The task:
Reproduce the listing below word for word, with no pictures.

Provided records:
----

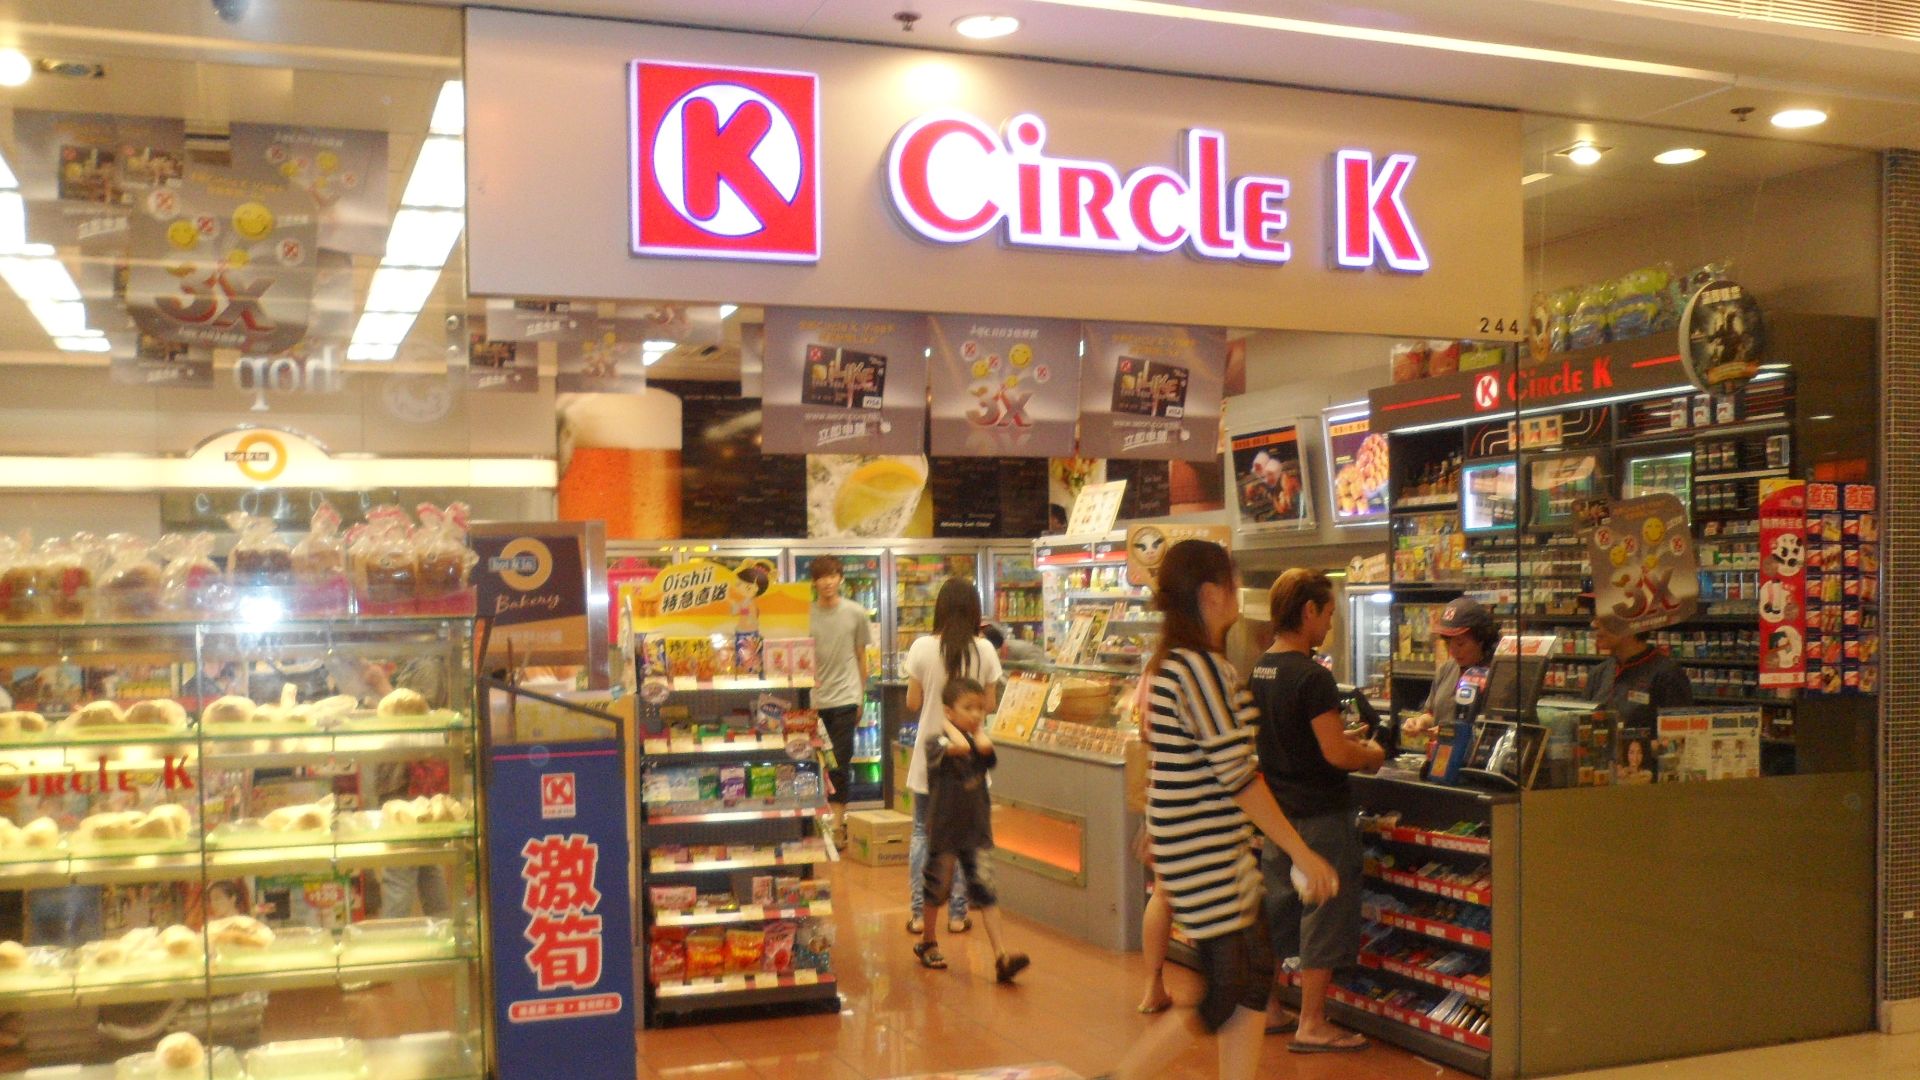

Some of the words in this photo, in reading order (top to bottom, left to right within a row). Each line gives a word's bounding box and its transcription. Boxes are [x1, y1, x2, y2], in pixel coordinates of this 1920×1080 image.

[680, 95, 796, 231] K
[1336, 149, 1429, 271] K
[1480, 317, 1519, 335] 244
[1593, 356, 1614, 390] K
[966, 382, 1034, 428] 3X
[663, 566, 714, 593] Oishii
[494, 593, 560, 614] Bakery
[164, 754, 194, 790] K
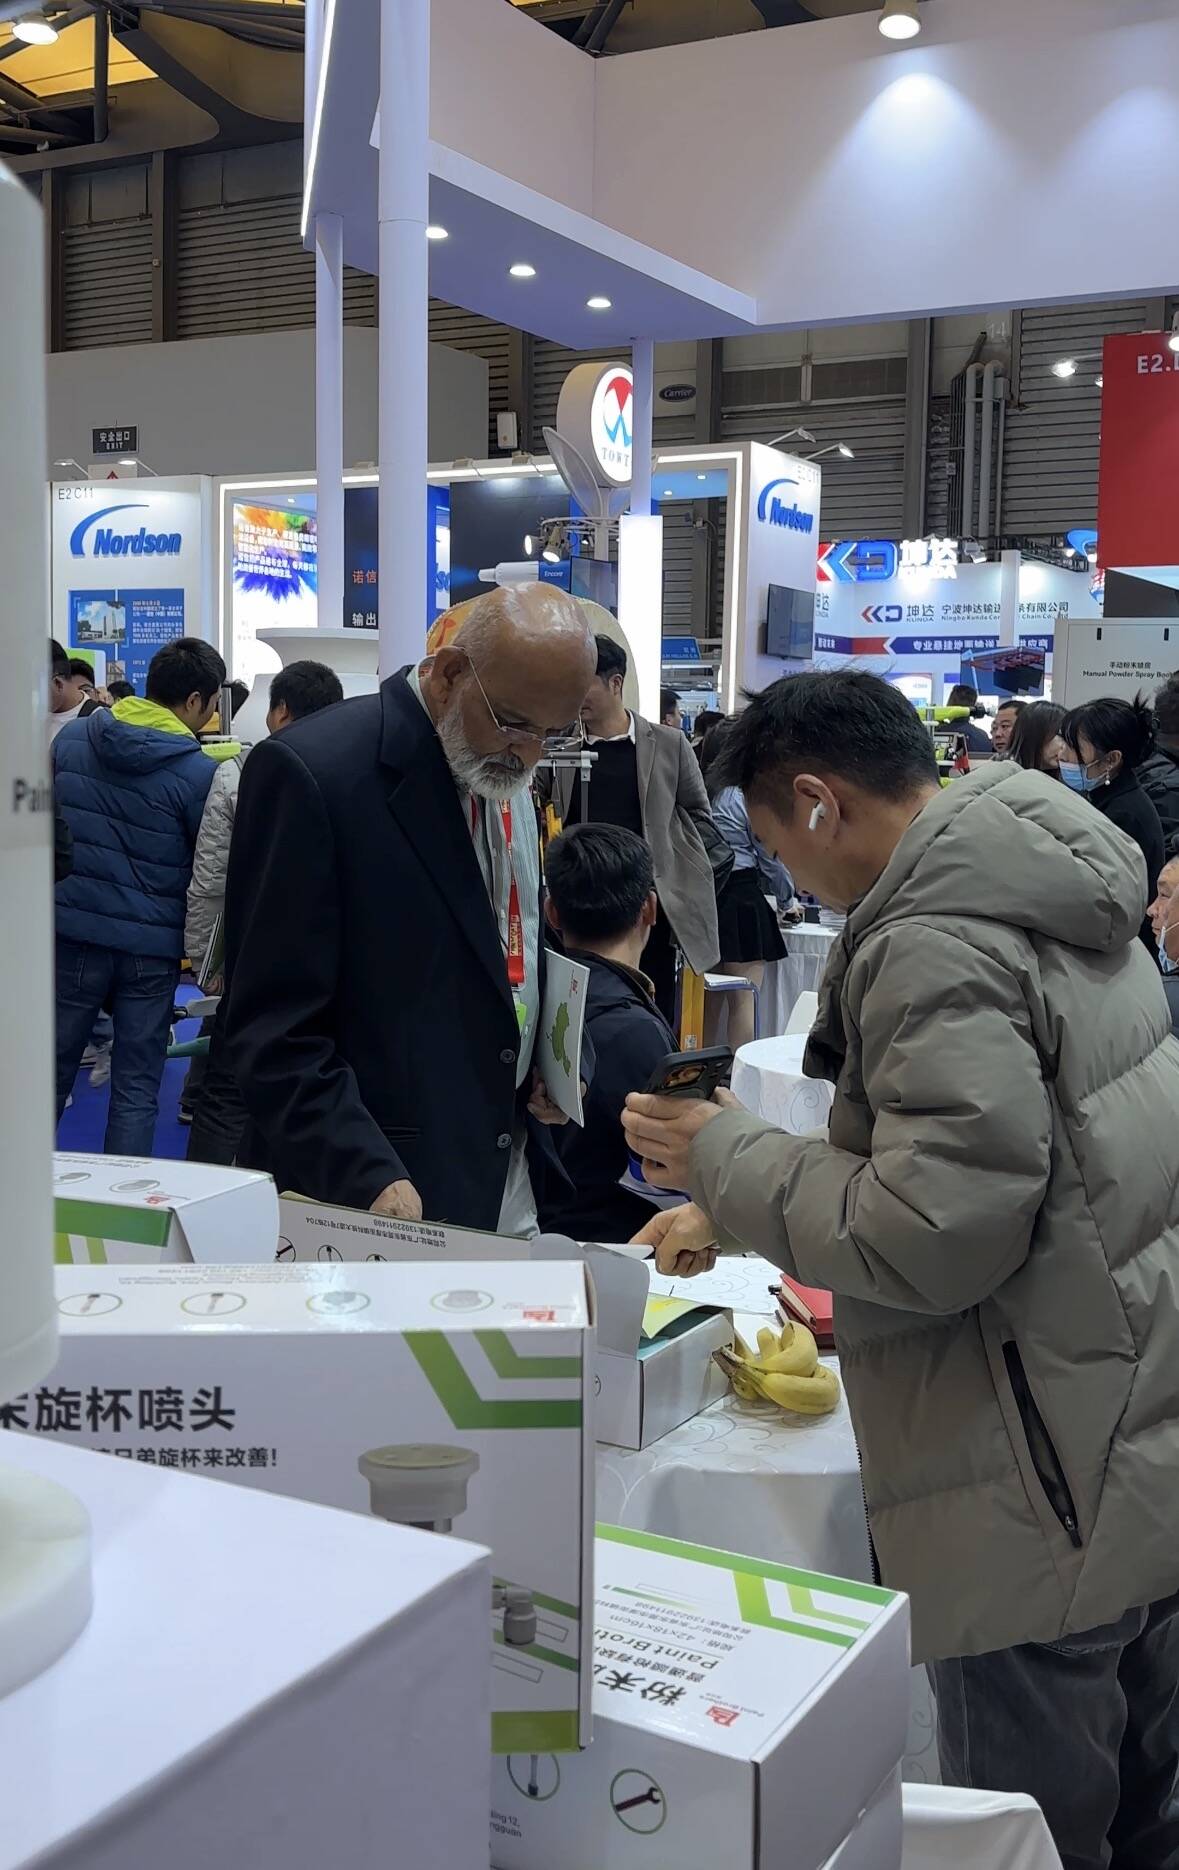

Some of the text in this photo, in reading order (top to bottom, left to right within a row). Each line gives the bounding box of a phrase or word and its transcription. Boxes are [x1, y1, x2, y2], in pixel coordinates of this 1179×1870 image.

[664, 388, 693, 399] Carrier
[100, 431, 130, 442] 安全出口
[106, 442, 123, 450] EXIT
[58, 487, 94, 500] E2 C11
[769, 497, 814, 534] Nordson
[93, 527, 182, 557] Nordson
[352, 570, 377, 584] 诺信
[906, 604, 934, 617] 坤达
[352, 612, 377, 626] 输出
[1135, 671, 1155, 679] Spray
[91, 1447, 278, 1468] 弟旋杯来改善!
[653, 1644, 720, 1671] Paint
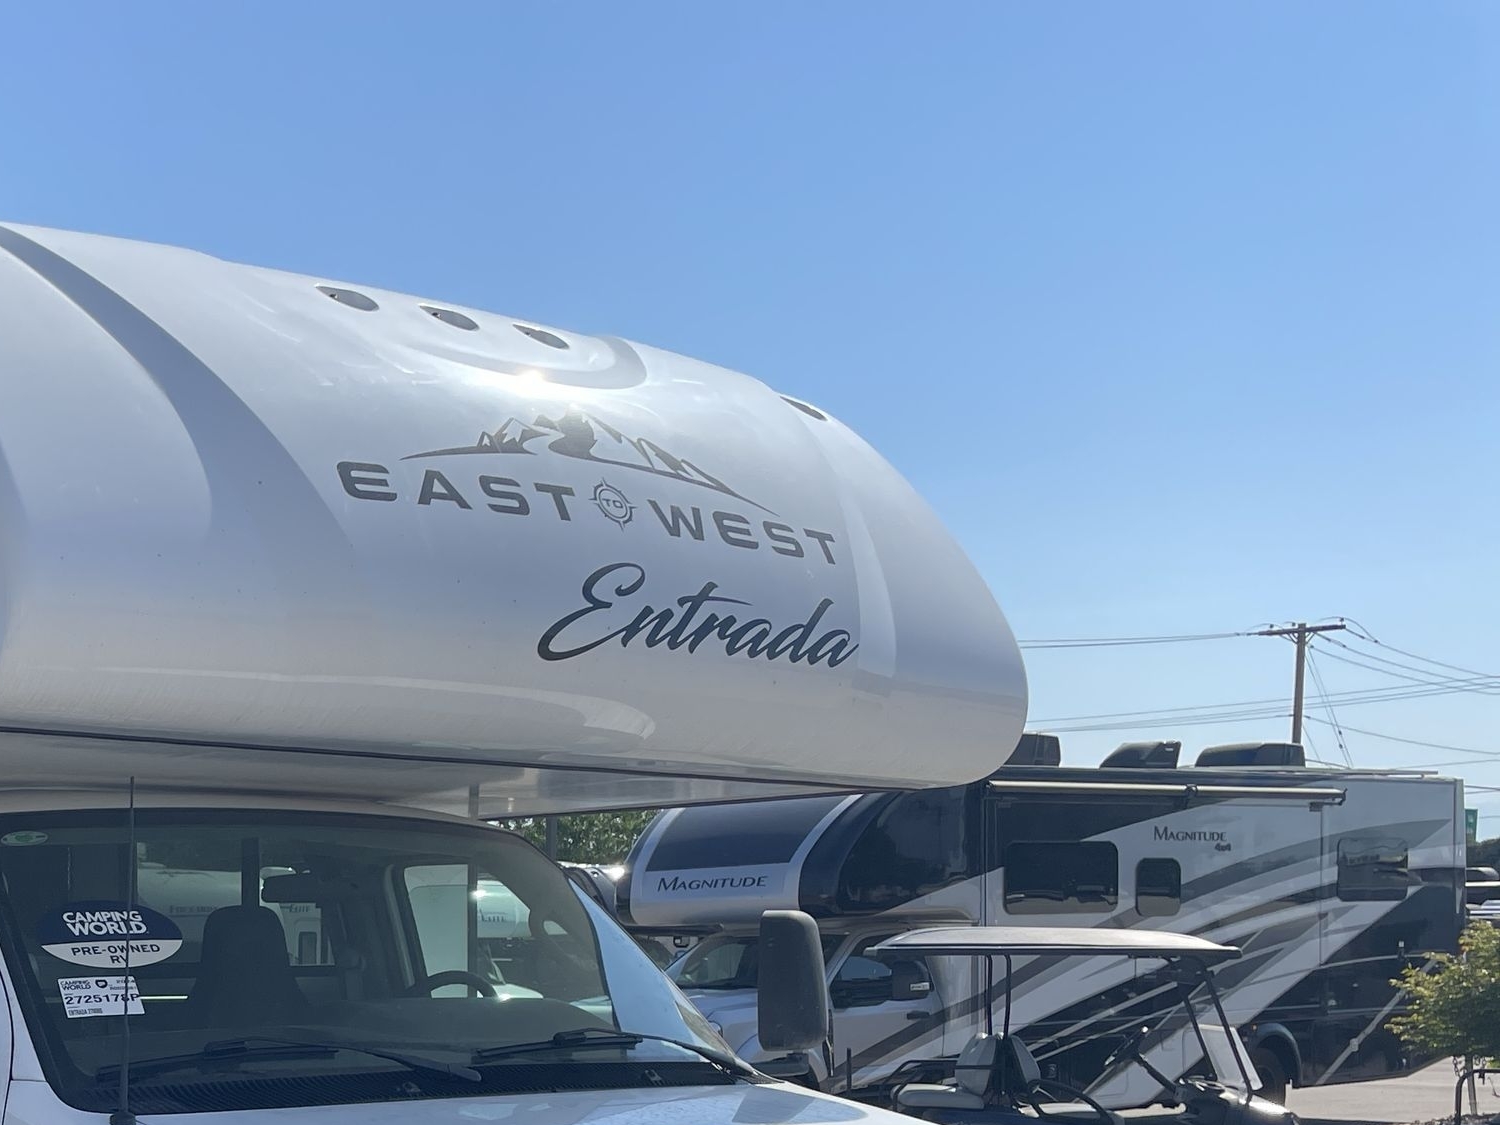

----

Solution for this task:
Some of the words in this photo, in reading order (top to bottom, left to right within a row). Each line gives a word's bounding box and its transcription. Boxes are [x1, y1, x2, y2], in pixel coordinates of this 1920×1080 image.

[680, 95, 796, 231] K
[1336, 149, 1429, 271] K
[1480, 317, 1519, 335] 244
[1593, 356, 1614, 390] K
[966, 382, 1034, 428] 3X
[663, 566, 714, 593] Oishii
[494, 593, 560, 614] Bakery
[164, 754, 194, 790] K

Some of the text in this photo, in reading order (top to bottom, left to right within a row). Each line gives the bounding box of a phrase or word and its transcription. Boxes are [x1, y1, x2, y2], in pixel coordinates of this 1179×1870 image.

[664, 388, 693, 399] Carrier
[100, 431, 130, 442] 安全出口
[106, 442, 123, 450] EXIT
[58, 487, 94, 500] E2 C11
[769, 497, 814, 534] Nordson
[93, 527, 182, 557] Nordson
[352, 570, 377, 584] 诺信
[906, 604, 934, 617] 坤达
[352, 612, 377, 626] 输出
[1135, 671, 1155, 679] Spray
[91, 1447, 278, 1468] 弟旋杯来改善!
[653, 1644, 720, 1671] Paint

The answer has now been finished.